═══ Available data

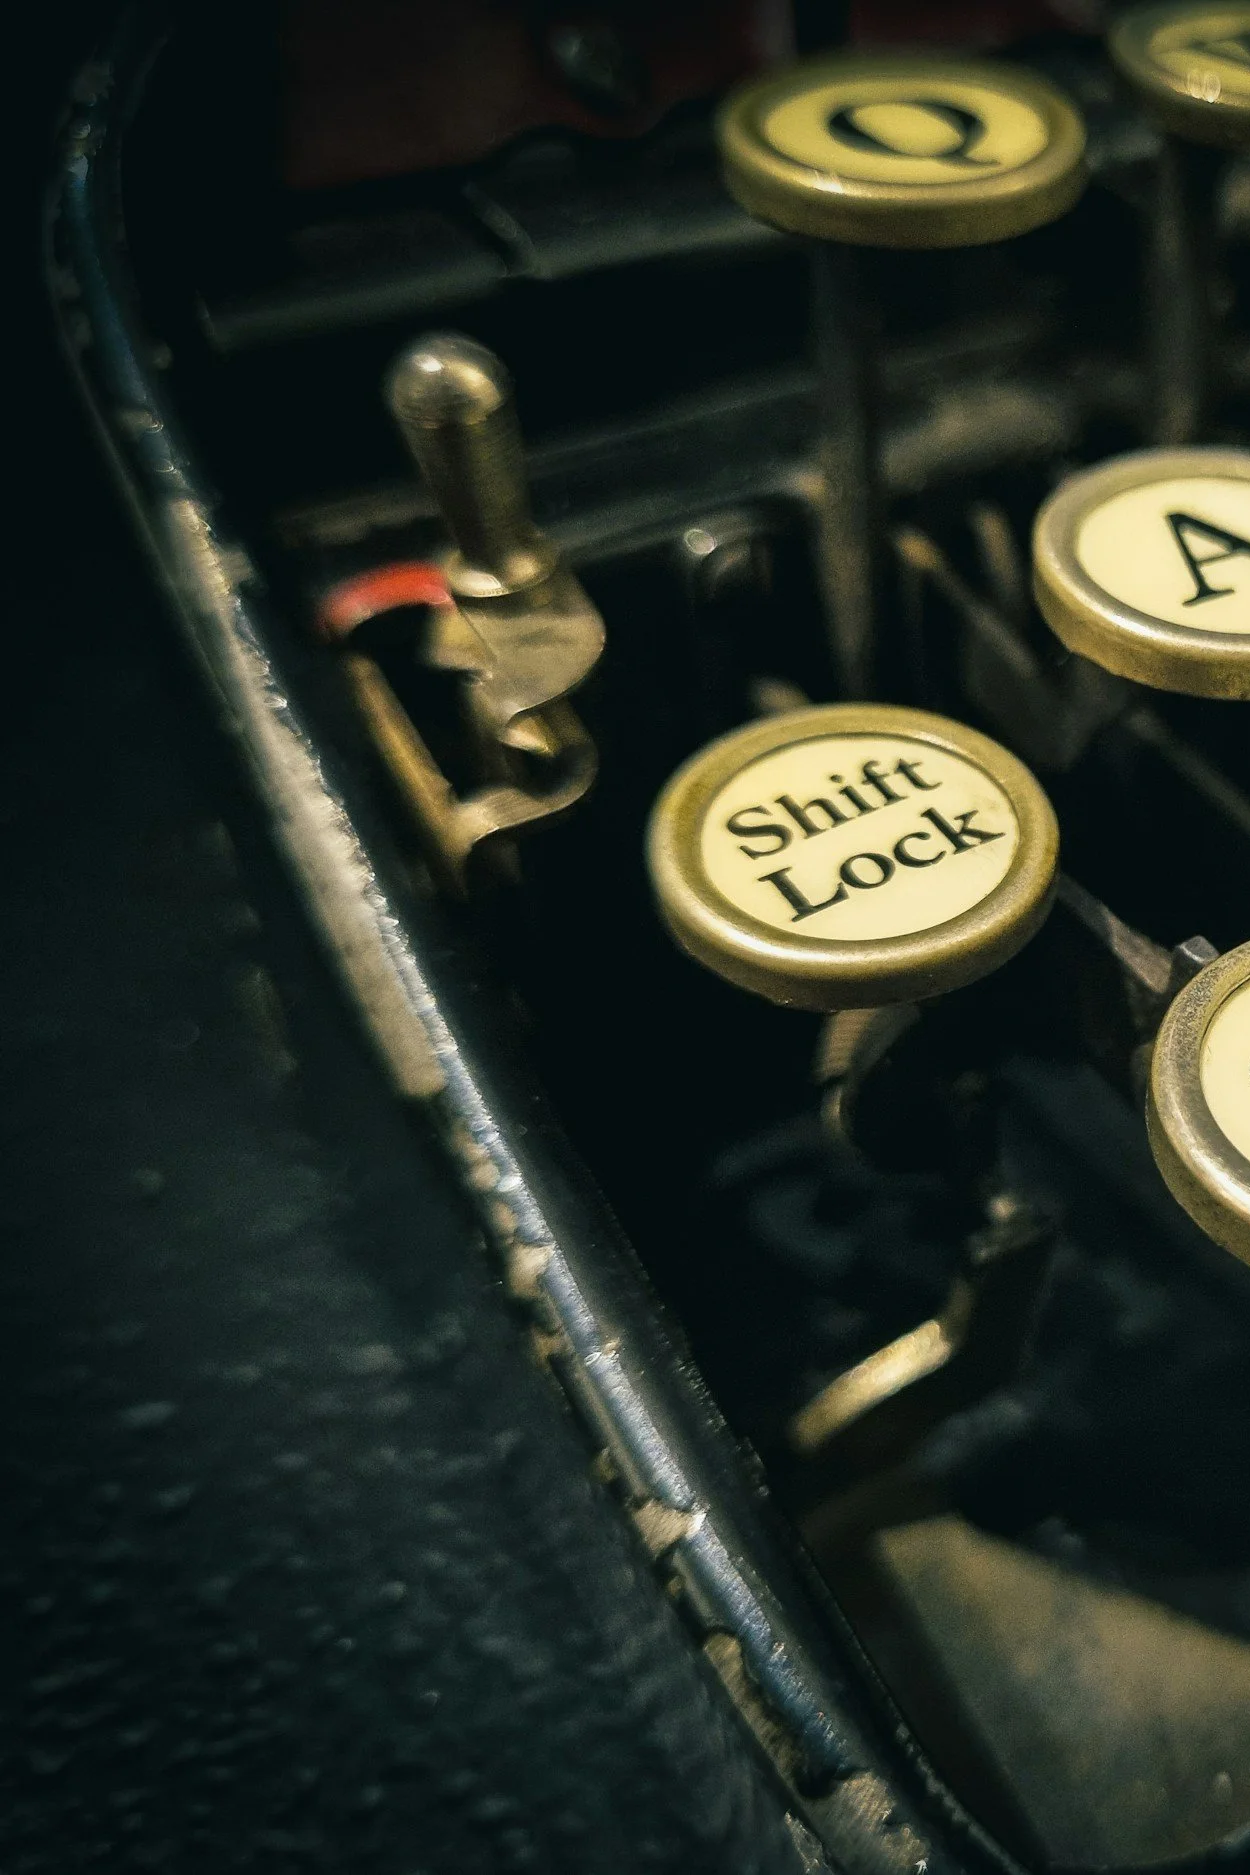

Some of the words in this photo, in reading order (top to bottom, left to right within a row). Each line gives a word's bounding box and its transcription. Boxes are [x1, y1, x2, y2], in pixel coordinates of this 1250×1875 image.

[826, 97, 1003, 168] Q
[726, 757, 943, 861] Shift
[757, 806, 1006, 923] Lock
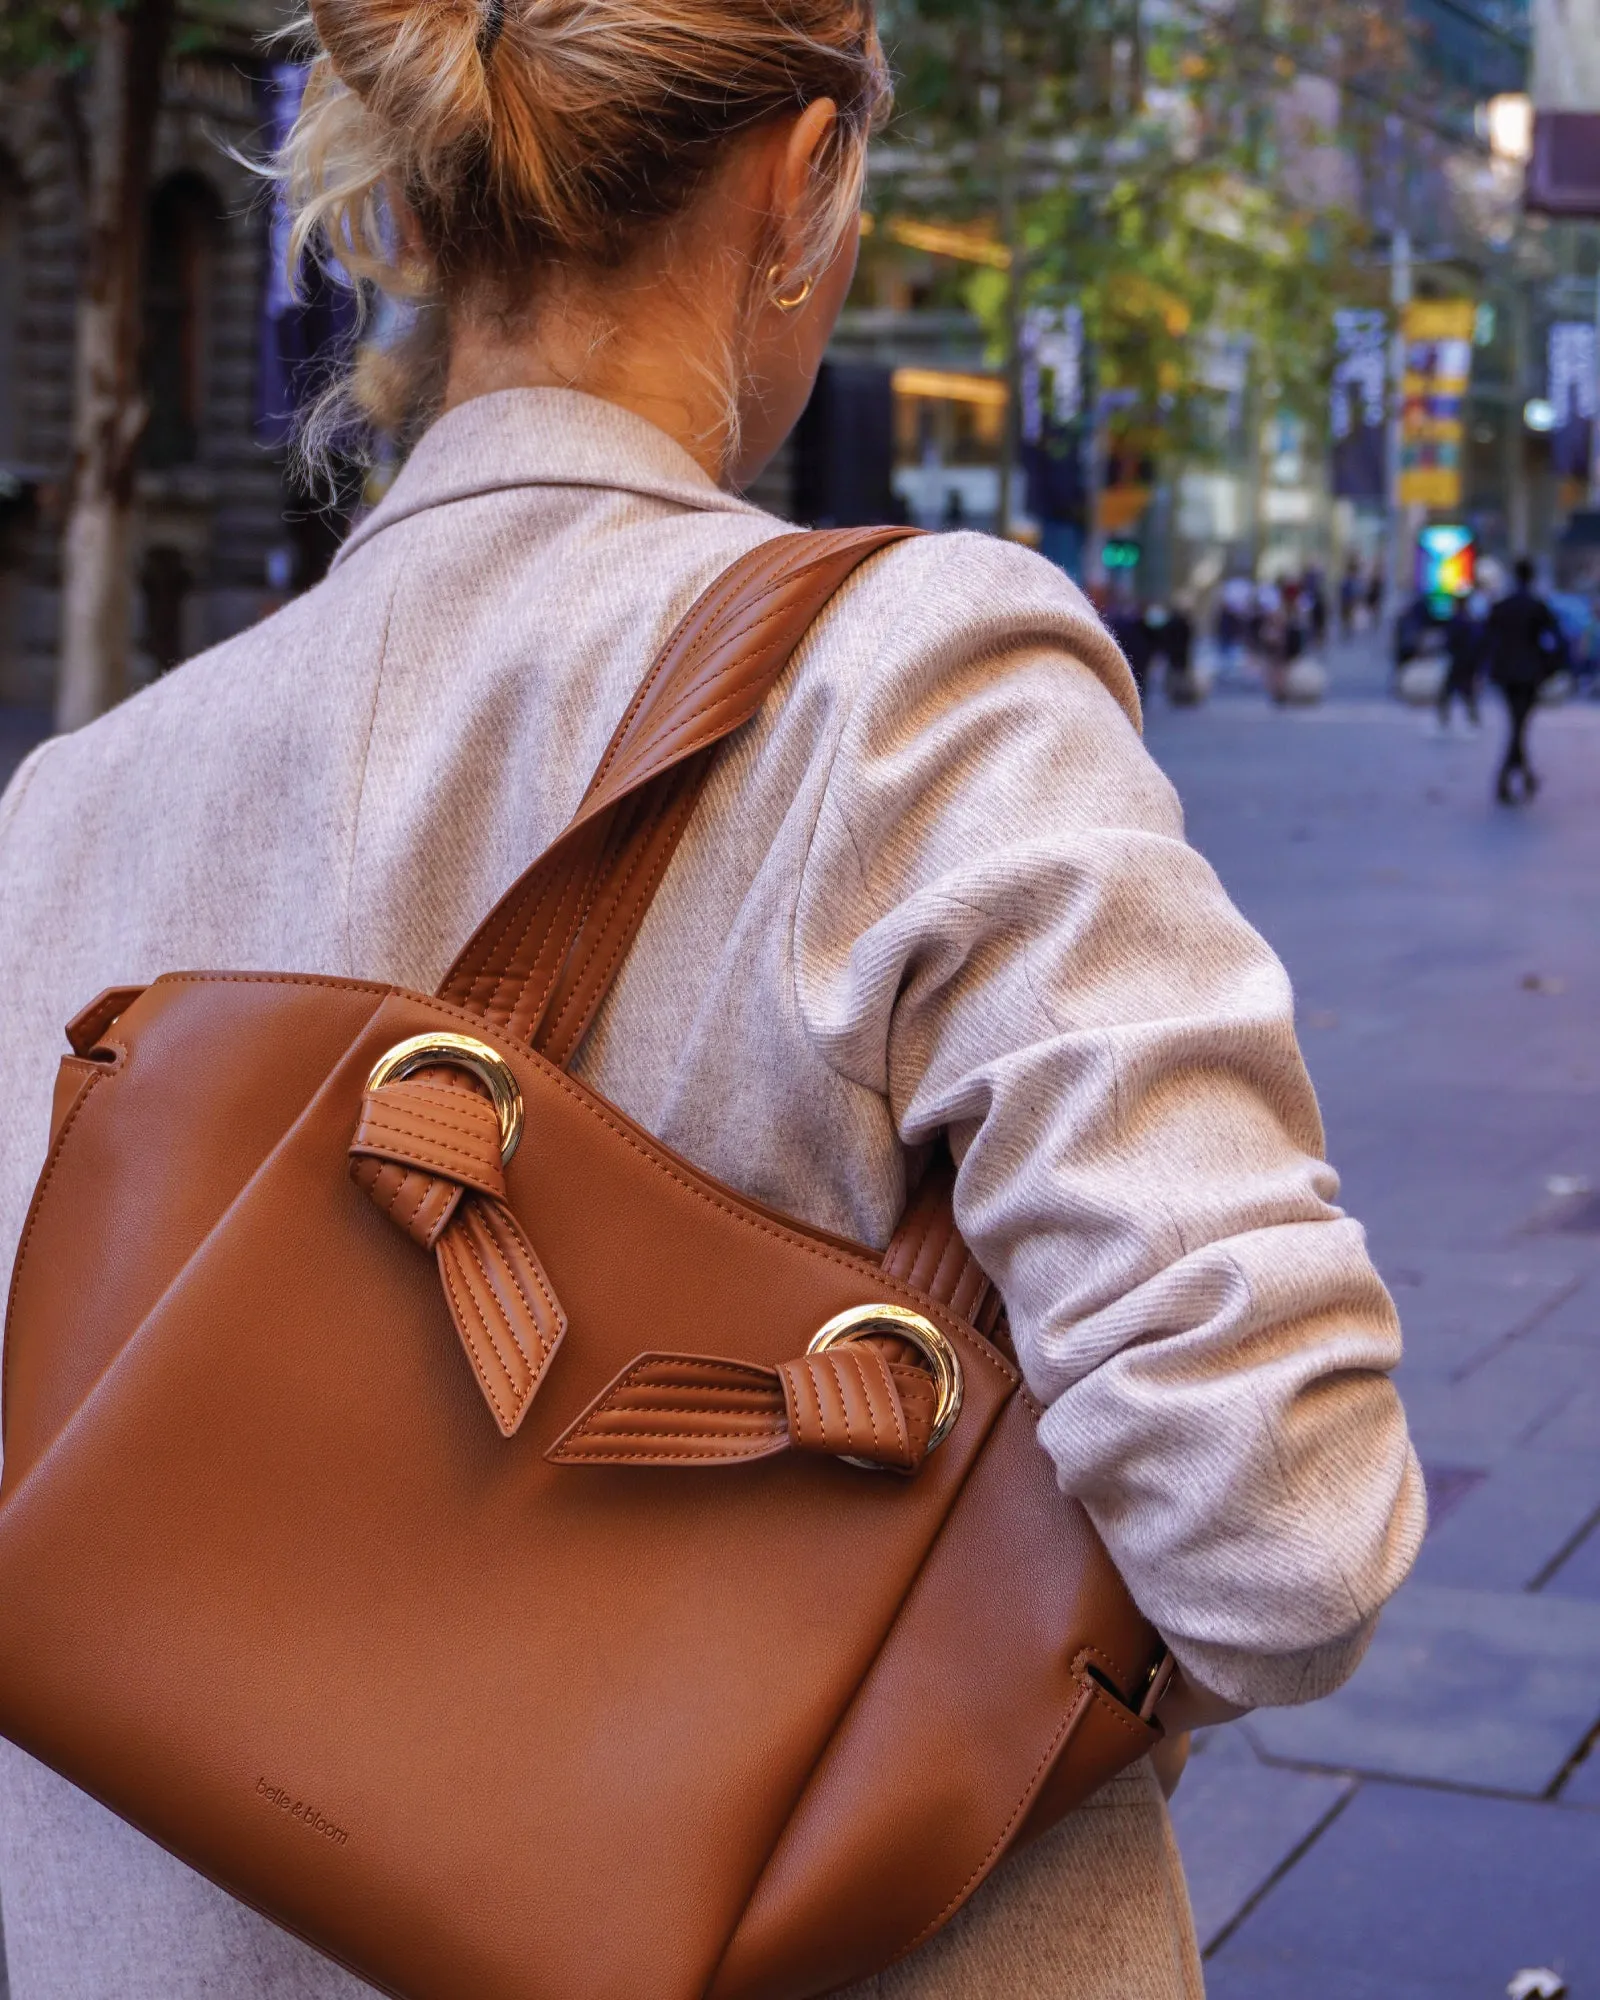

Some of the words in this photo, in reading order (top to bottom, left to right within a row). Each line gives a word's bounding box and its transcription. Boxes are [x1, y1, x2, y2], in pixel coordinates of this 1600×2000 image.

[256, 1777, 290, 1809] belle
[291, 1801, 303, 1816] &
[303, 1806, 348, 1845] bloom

══════

:: Directions for this task ::
The line containing "this 1600×2000 image." begins the span, and the last line of the records above ends it. Return that span exactly, and nothing outside it.

:: Result below ::
Some of the words in this photo, in reading order (top to bottom, left to right within a row). Each line gives a word's bounding box and its transcription. Boxes are [x1, y1, x2, y2], in pixel coordinates of this 1600×2000 image.

[256, 1777, 290, 1809] belle
[291, 1801, 303, 1816] &
[303, 1806, 348, 1845] bloom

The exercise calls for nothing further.